From the first line to the last, please write out the data exactly.

== Segment start ==

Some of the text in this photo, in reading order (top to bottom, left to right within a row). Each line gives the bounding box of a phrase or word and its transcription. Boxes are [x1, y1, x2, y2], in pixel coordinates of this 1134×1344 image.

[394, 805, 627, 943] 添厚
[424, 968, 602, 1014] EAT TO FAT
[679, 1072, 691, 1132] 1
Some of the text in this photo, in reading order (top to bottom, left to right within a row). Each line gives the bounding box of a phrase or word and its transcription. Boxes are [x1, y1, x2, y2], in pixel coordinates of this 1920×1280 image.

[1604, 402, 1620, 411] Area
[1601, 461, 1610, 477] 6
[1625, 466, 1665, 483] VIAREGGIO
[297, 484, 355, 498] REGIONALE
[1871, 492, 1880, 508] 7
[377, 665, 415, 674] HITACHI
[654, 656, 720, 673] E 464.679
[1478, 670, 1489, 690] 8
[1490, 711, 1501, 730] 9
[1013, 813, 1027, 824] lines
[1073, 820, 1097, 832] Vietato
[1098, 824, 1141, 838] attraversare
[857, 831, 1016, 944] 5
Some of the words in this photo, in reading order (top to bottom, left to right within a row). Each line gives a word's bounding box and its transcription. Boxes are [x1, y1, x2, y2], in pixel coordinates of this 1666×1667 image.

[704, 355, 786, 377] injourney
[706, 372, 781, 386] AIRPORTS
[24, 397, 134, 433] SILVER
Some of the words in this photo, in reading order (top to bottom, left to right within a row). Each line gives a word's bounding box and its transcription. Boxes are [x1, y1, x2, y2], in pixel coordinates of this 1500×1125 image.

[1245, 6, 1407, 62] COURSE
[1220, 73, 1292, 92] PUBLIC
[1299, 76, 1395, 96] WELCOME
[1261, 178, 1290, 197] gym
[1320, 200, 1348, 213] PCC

== Segment end ==

• _Answer section_
Some of the text in this photo, in reading order (top to bottom, left to right within a row). Each line gives the bounding box of a phrase or word and its transcription. Boxes are [x1, y1, x2, y2], in pixel coordinates of this 1134×1344 image.

[394, 805, 627, 943] 添厚
[424, 968, 602, 1014] EAT TO FAT
[679, 1072, 691, 1132] 1
Some of the text in this photo, in reading order (top to bottom, left to right within a row). Each line gives the bounding box of a phrase or word and its transcription. Boxes are [x1, y1, x2, y2], in pixel coordinates of this 1920×1280 image.

[1604, 402, 1620, 411] Area
[1601, 461, 1610, 477] 6
[1625, 466, 1665, 483] VIAREGGIO
[297, 484, 355, 498] REGIONALE
[1871, 492, 1880, 508] 7
[377, 665, 415, 674] HITACHI
[654, 656, 720, 673] E 464.679
[1478, 670, 1489, 690] 8
[1490, 711, 1501, 730] 9
[1013, 813, 1027, 824] lines
[1073, 820, 1097, 832] Vietato
[1098, 824, 1141, 838] attraversare
[857, 831, 1016, 944] 5
Some of the words in this photo, in reading order (top to bottom, left to right within a row). Each line gives a word's bounding box and its transcription. Boxes are [x1, y1, x2, y2], in pixel coordinates of this 1666×1667 image.

[704, 355, 786, 377] injourney
[706, 372, 781, 386] AIRPORTS
[24, 397, 134, 433] SILVER
Some of the words in this photo, in reading order (top to bottom, left to right within a row). Each line gives a word's bounding box and its transcription. Boxes are [x1, y1, x2, y2], in pixel coordinates of this 1500×1125 image.

[1245, 6, 1407, 62] COURSE
[1220, 73, 1292, 92] PUBLIC
[1299, 76, 1395, 96] WELCOME
[1261, 178, 1290, 197] gym
[1320, 200, 1348, 213] PCC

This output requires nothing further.